_Records to process:_

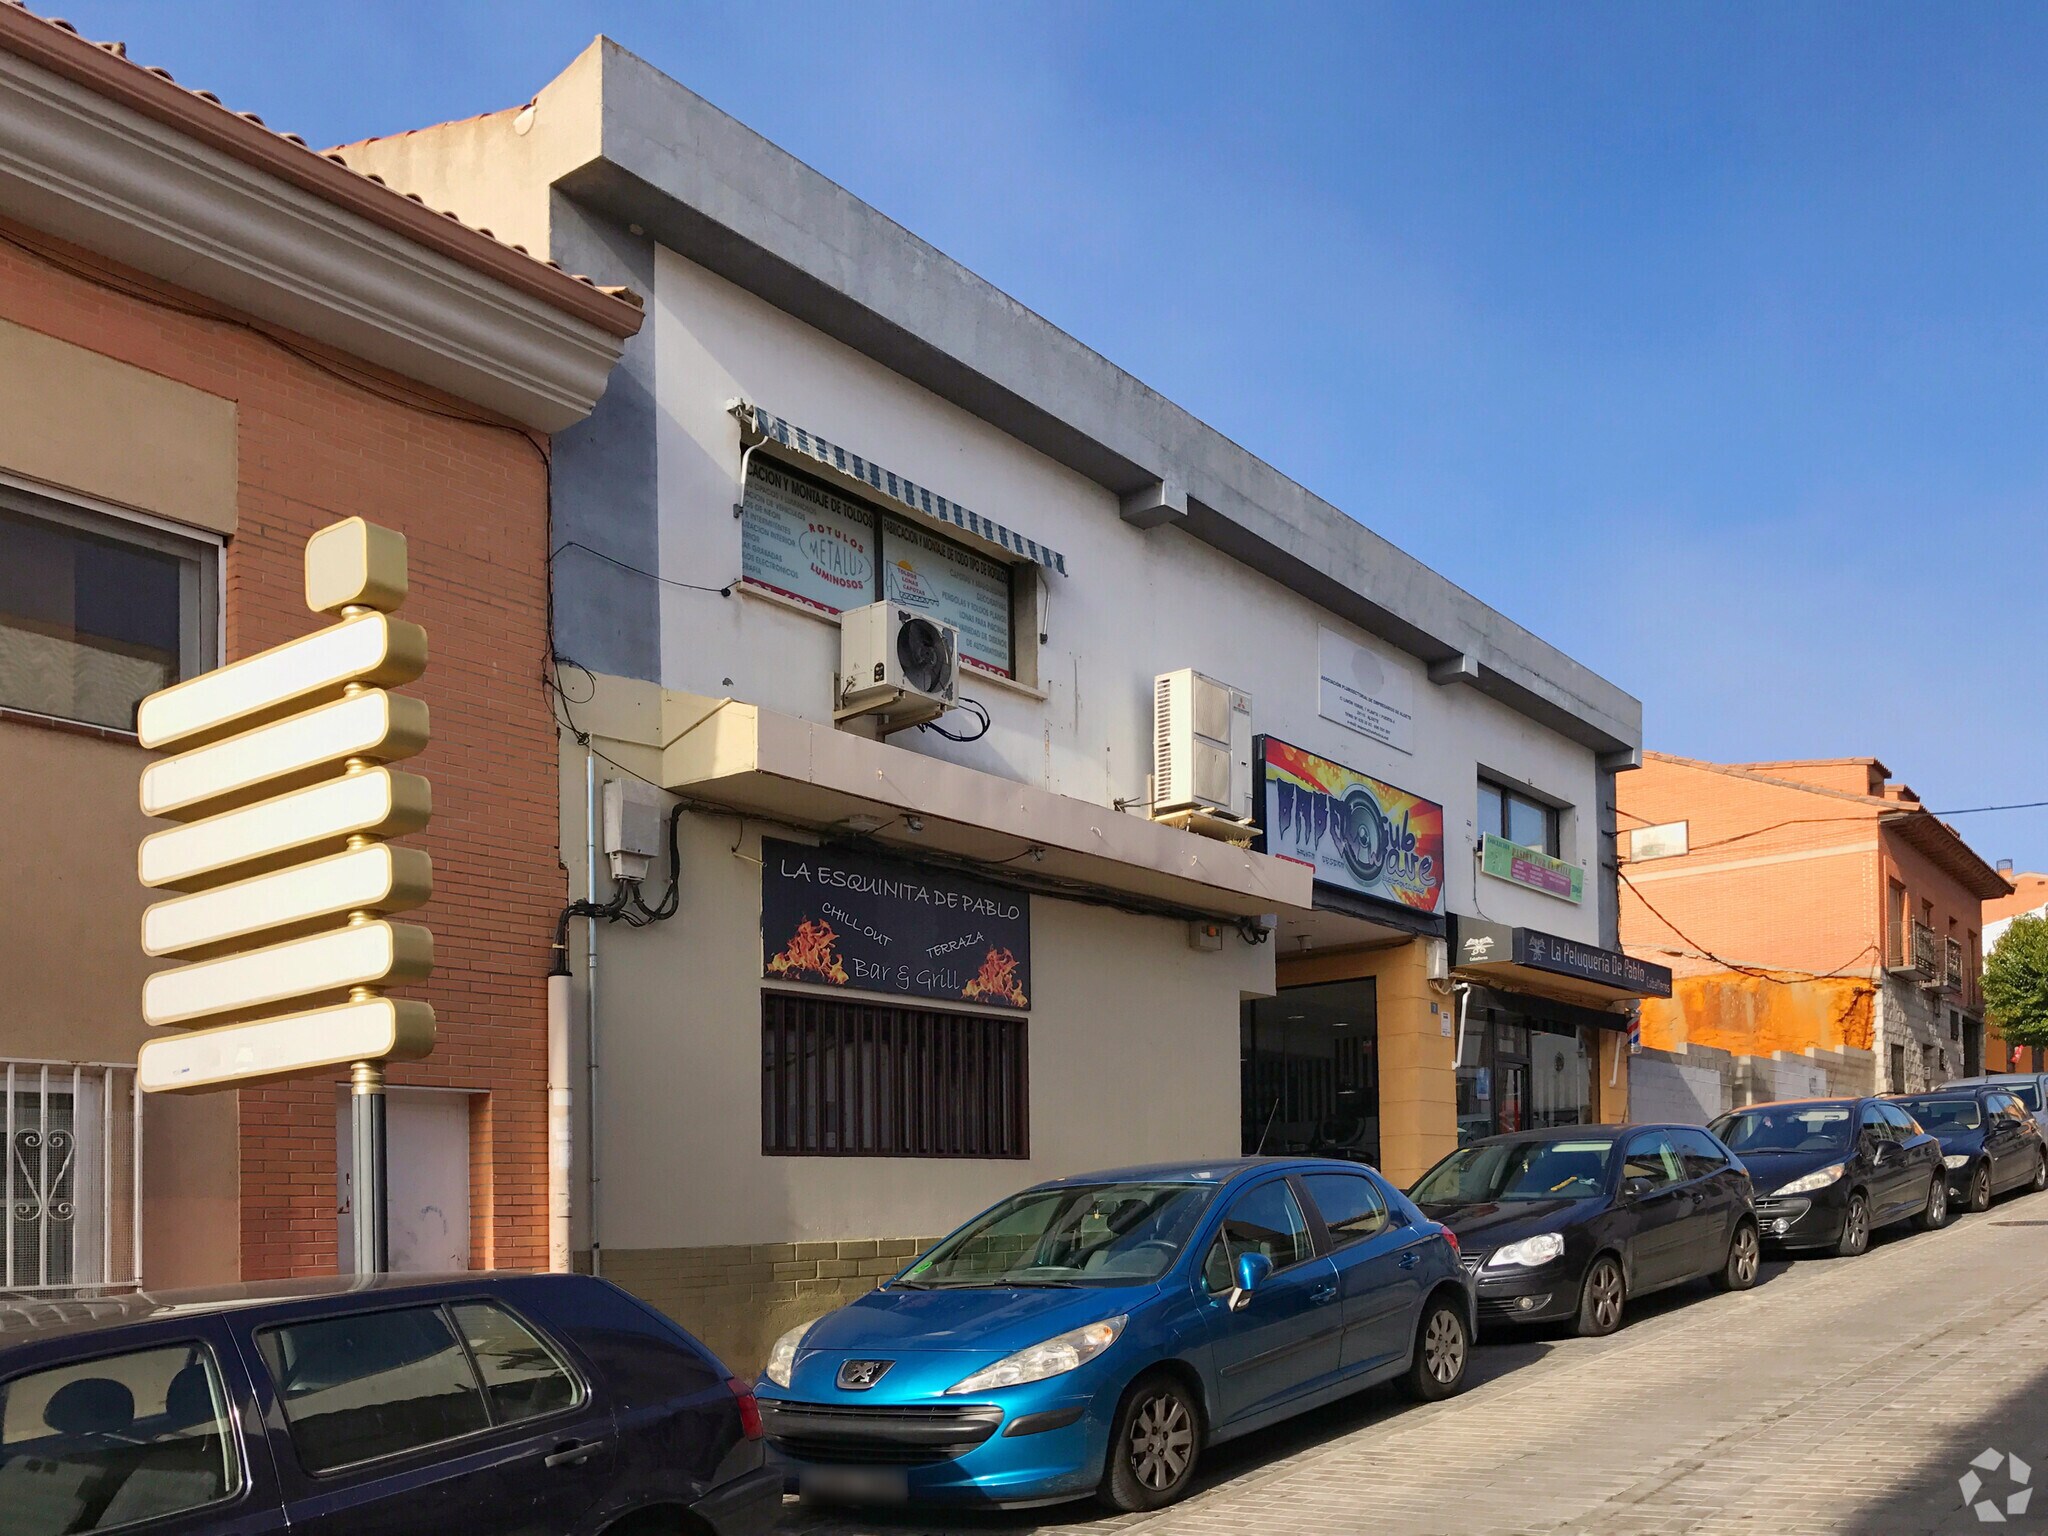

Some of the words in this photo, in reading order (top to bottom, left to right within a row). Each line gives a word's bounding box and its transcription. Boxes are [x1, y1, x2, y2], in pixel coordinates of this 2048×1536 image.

[782, 478, 788, 491] Y
[791, 482, 829, 509] MONTAJE
[829, 499, 841, 514] DE
[842, 504, 873, 528] TOLDOS
[808, 523, 864, 553] ROTULOS
[810, 562, 864, 589] LUMINOSOS
[902, 584, 926, 597] CAPOTAS
[780, 859, 811, 883] LA
[818, 866, 930, 905] ESQUINITA
[934, 889, 958, 909] DE
[962, 894, 1020, 921] PABLO
[821, 902, 861, 932] CHILL
[863, 925, 893, 948] OUT
[926, 931, 984, 959] TERRAZA
[1550, 939, 1562, 962] La
[1563, 942, 1610, 975] Peluquería
[1611, 955, 1622, 977] De
[1624, 958, 1645, 983] Pablo
[852, 957, 891, 982] Bar
[896, 964, 910, 990] &
[916, 969, 960, 991] Grill

_What the task requires:_ When copying the data above, repeat every word exactly and drop the pictures.

_Reply to the exercise:_
Some of the words in this photo, in reading order (top to bottom, left to right within a row). Each line gives a word's bounding box and its transcription. Boxes are [x1, y1, x2, y2], in pixel coordinates of this 2048×1536 image.

[782, 478, 788, 491] Y
[791, 482, 829, 509] MONTAJE
[829, 499, 841, 514] DE
[842, 504, 873, 528] TOLDOS
[808, 523, 864, 553] ROTULOS
[810, 562, 864, 589] LUMINOSOS
[902, 584, 926, 597] CAPOTAS
[780, 859, 811, 883] LA
[818, 866, 930, 905] ESQUINITA
[934, 889, 958, 909] DE
[962, 894, 1020, 921] PABLO
[821, 902, 861, 932] CHILL
[863, 925, 893, 948] OUT
[926, 931, 984, 959] TERRAZA
[1550, 939, 1562, 962] La
[1563, 942, 1610, 975] Peluquería
[1611, 955, 1622, 977] De
[1624, 958, 1645, 983] Pablo
[852, 957, 891, 982] Bar
[896, 964, 910, 990] &
[916, 969, 960, 991] Grill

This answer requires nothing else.